Dataset entries
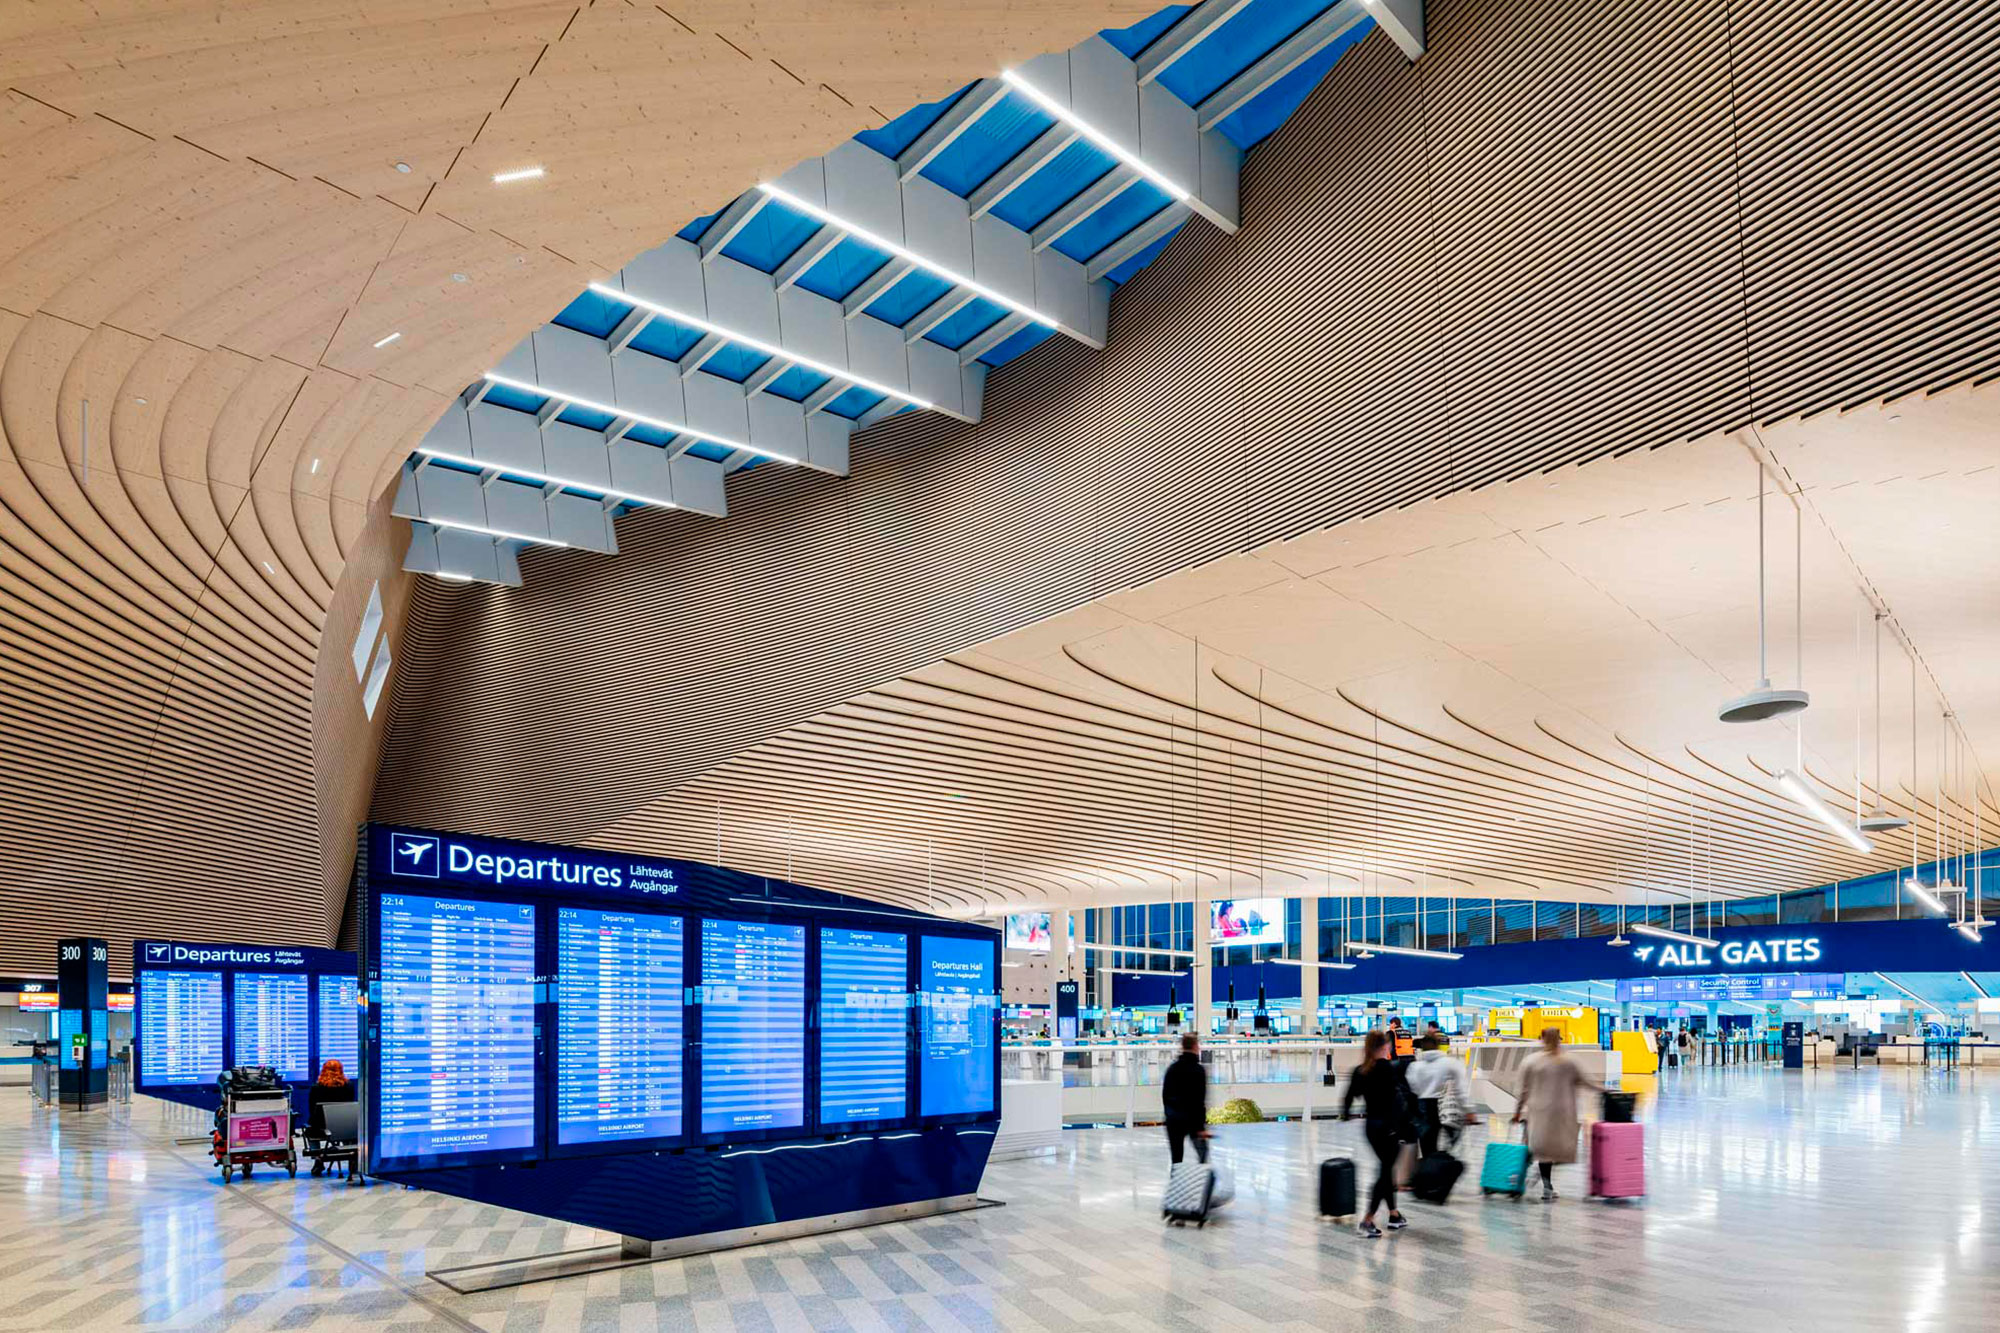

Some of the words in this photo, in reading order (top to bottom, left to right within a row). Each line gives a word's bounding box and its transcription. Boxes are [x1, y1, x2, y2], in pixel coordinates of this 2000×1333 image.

[449, 844, 623, 887] Departures
[630, 865, 673, 879] Lähtevät
[630, 878, 678, 894] Avgångar
[381, 897, 404, 906] 22:14
[435, 901, 475, 912] Departures
[559, 911, 577, 919] 22:14
[602, 914, 635, 923] Departures
[738, 924, 765, 932] Departures
[62, 946, 81, 960] 300
[92, 947, 107, 962] 300
[175, 947, 271, 964] Departures
[1659, 944, 1711, 967] ALL
[1721, 938, 1820, 964] GATES
[932, 961, 969, 970] Departures
[970, 962, 983, 971] Hall
[24, 984, 42, 992] 307
[1700, 979, 1730, 987] Security
[1060, 984, 1075, 993] 400

**WORK REQUIRED**.
Set the entries down exactly, but not the pictures.

**WORKED SOLUTION**.
Some of the words in this photo, in reading order (top to bottom, left to right within a row). Each line gives a word's bounding box and its transcription. Boxes are [x1, y1, x2, y2], in pixel coordinates of this 2000×1333 image.

[449, 844, 623, 887] Departures
[630, 865, 673, 879] Lähtevät
[630, 878, 678, 894] Avgångar
[381, 897, 404, 906] 22:14
[435, 901, 475, 912] Departures
[559, 911, 577, 919] 22:14
[602, 914, 635, 923] Departures
[738, 924, 765, 932] Departures
[62, 946, 81, 960] 300
[92, 947, 107, 962] 300
[175, 947, 271, 964] Departures
[1659, 944, 1711, 967] ALL
[1721, 938, 1820, 964] GATES
[932, 961, 969, 970] Departures
[970, 962, 983, 971] Hall
[24, 984, 42, 992] 307
[1700, 979, 1730, 987] Security
[1060, 984, 1075, 993] 400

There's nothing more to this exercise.